El aceite de oliva en la historia de la humanidad (II)

Historia del aceite de oliva

En la primera parte de este post nos quedamos en la referencia de la Grecia Antigua. El siguiente gran periodo de la historia del aceite de oliva es del Imperio Romano, durante el cual, España fue una de sus provincias más prósperas, bajo el nombre de Hispania.

Y es que los romanos fueron indispensables para comprender lo que actualmente es el aceite de oliva, puesto que mejoraron los procedimientos de cultivo y traslado del mismo. Los romanos fueron notables consumidores de aceitunas y de aceites de oliva traídos desde Hispania y, de manera más específica, de la Bética (la actual Andalucía).

El aceite de Hispania era el mejor valorado del imperio por su enorme calidad. Se calcula que, durante esta época, Hispania exportó más de 30 millones de vasijas de aceite de oliva, llegando cada cierto tiempo miles de ellas a Roma, gran capital imperial.

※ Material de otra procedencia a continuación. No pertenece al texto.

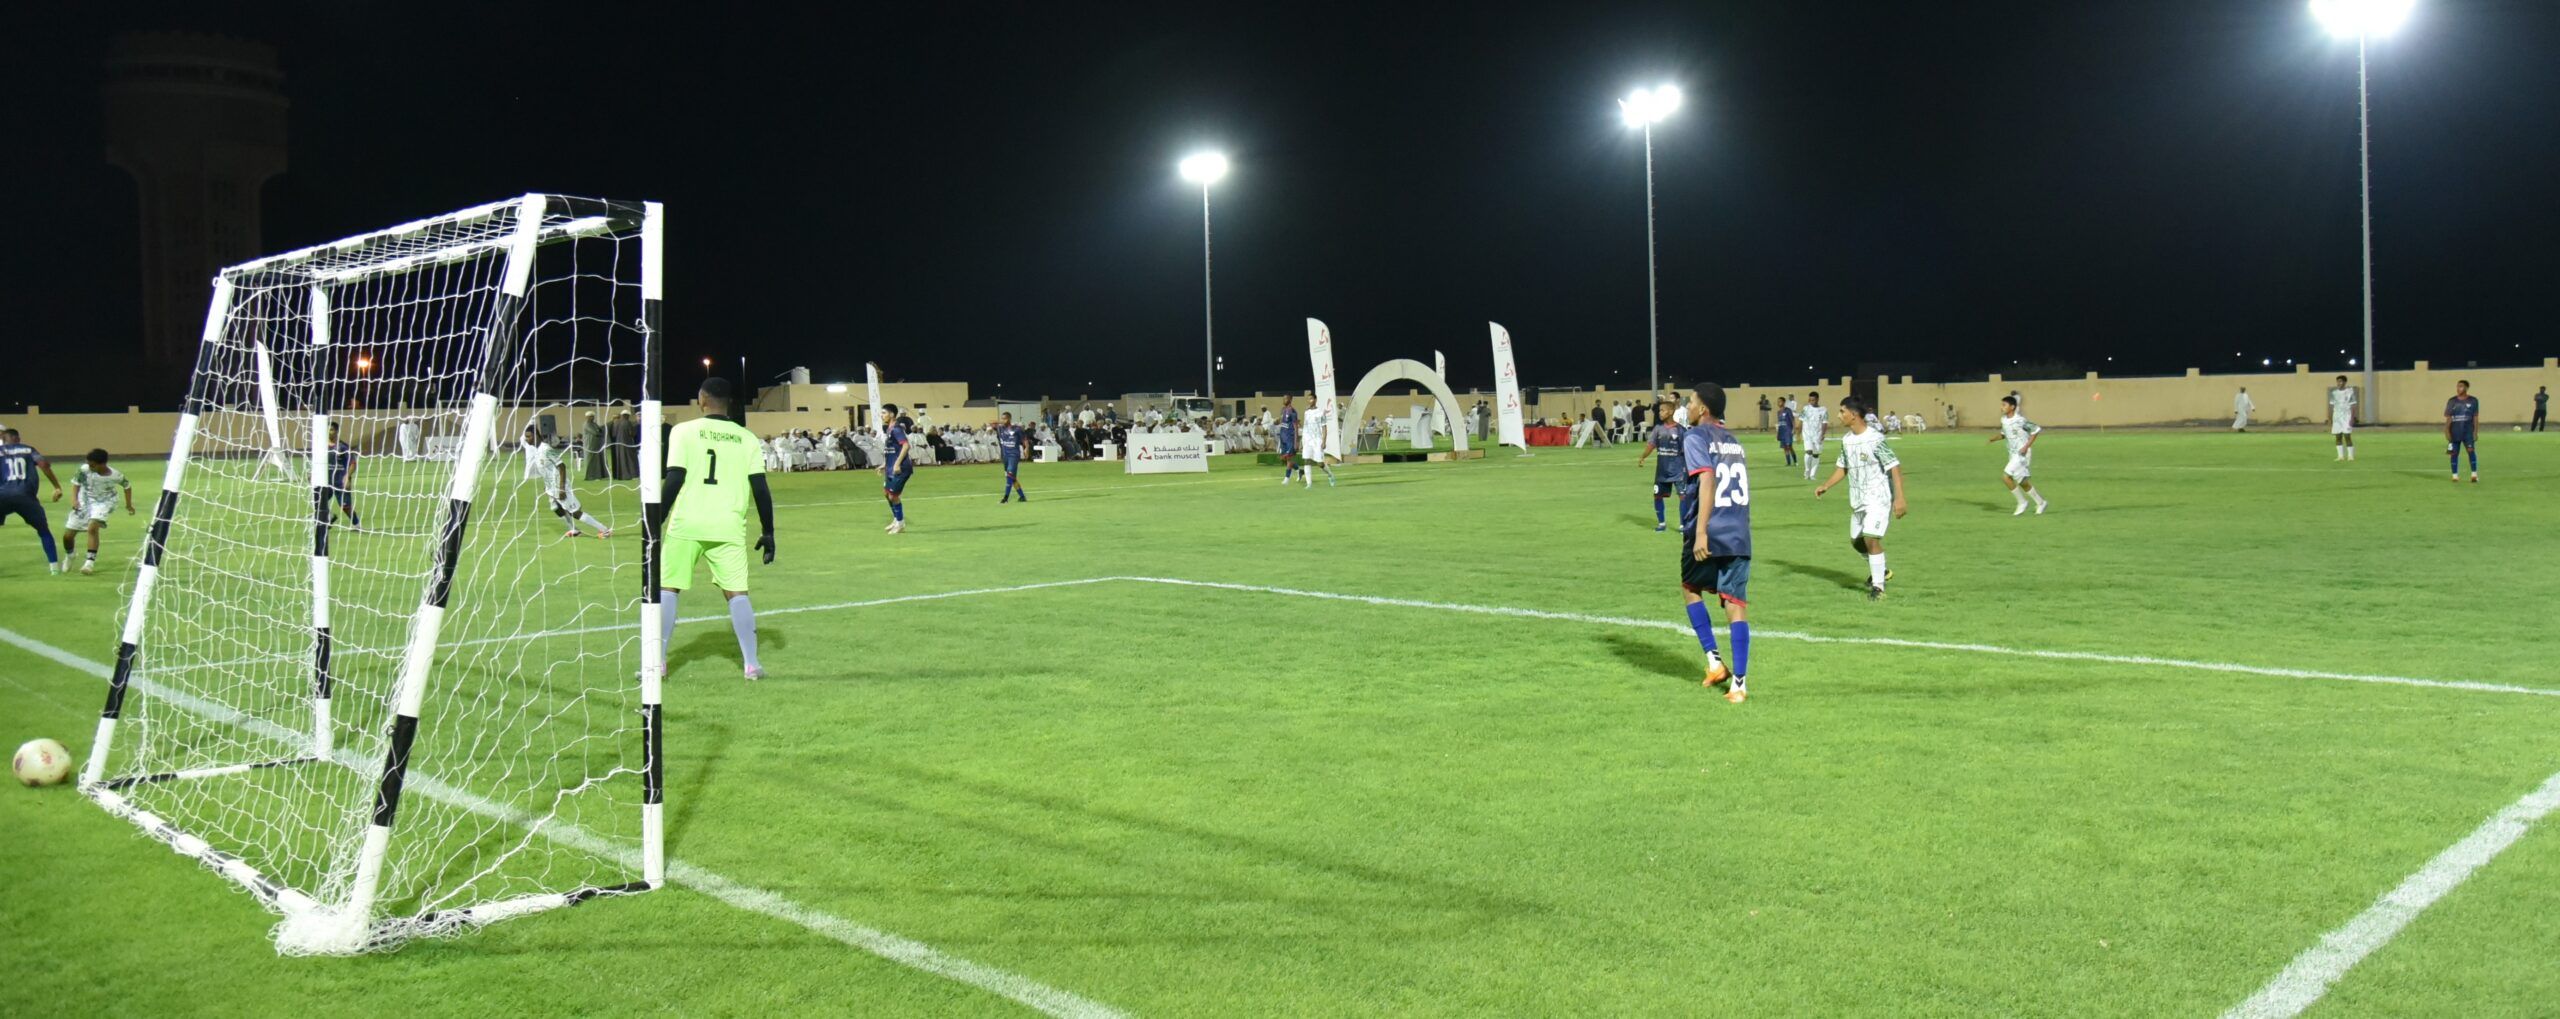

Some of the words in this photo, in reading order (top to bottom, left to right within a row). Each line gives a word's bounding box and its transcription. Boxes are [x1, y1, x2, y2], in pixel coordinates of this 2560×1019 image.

Vestigios de las vasijas en las que se transportaba el aceite fueron hallados a finales del siglo XIX cuando Heinrich Dressel, científico italo-prusiano, los encontró en una colina de Roma. Dressel indagó por la procedencia de tales vasijas hasta identificar la costumbre que tenían los habitantes de aquel tiempo de vaciar las vasijas procedentes de la Bética (en el sur de la actual España) en la margen izquierda del Río Tiber. Esos restos de vasijas, junto con la tierra acumulada, habían hecho surgir la colina que hoy se conoce como Testaccio.

Ya en la Edad Media, el aceite de oliva fue muy utilizado para la elaboración de jabones en España y la vecina nación de Francia. No es casualidad que, con el paso del tiempo, este producto fuera teniendo muchas otras aplicaciones, como por ejemplo, la iluminación de los hogares o como ingrediente en tratamientos de belleza. De cualquier manera, su utilización principal ha sido y sigue siendo la alimenticia. Y es que los aceites de oliva, en cualquiera de sus variedades (aceite de oliva, virgen, virgen extra), son excelentes para cualquier receta.

Siglos después, en el XIX, el cultivo del olivar tuvo una gran expansión en España, gracias a la construcción de la red de ferrocarriles. De este modo, España se convirtió en el olivar de mayores dimensiones del planeta.

En el siglo XX, en el territorio español se presentó una auténtica revolución tecnológica, la cual, permitió la producción de aceites excelentes, loFs cuales triunfan cada año en los certámenes de mayor prestigio en el orbe. España es, hoy por hoy, líder mundial en cantidad- y principalmente en calidad-, de aceites de oliva producidos.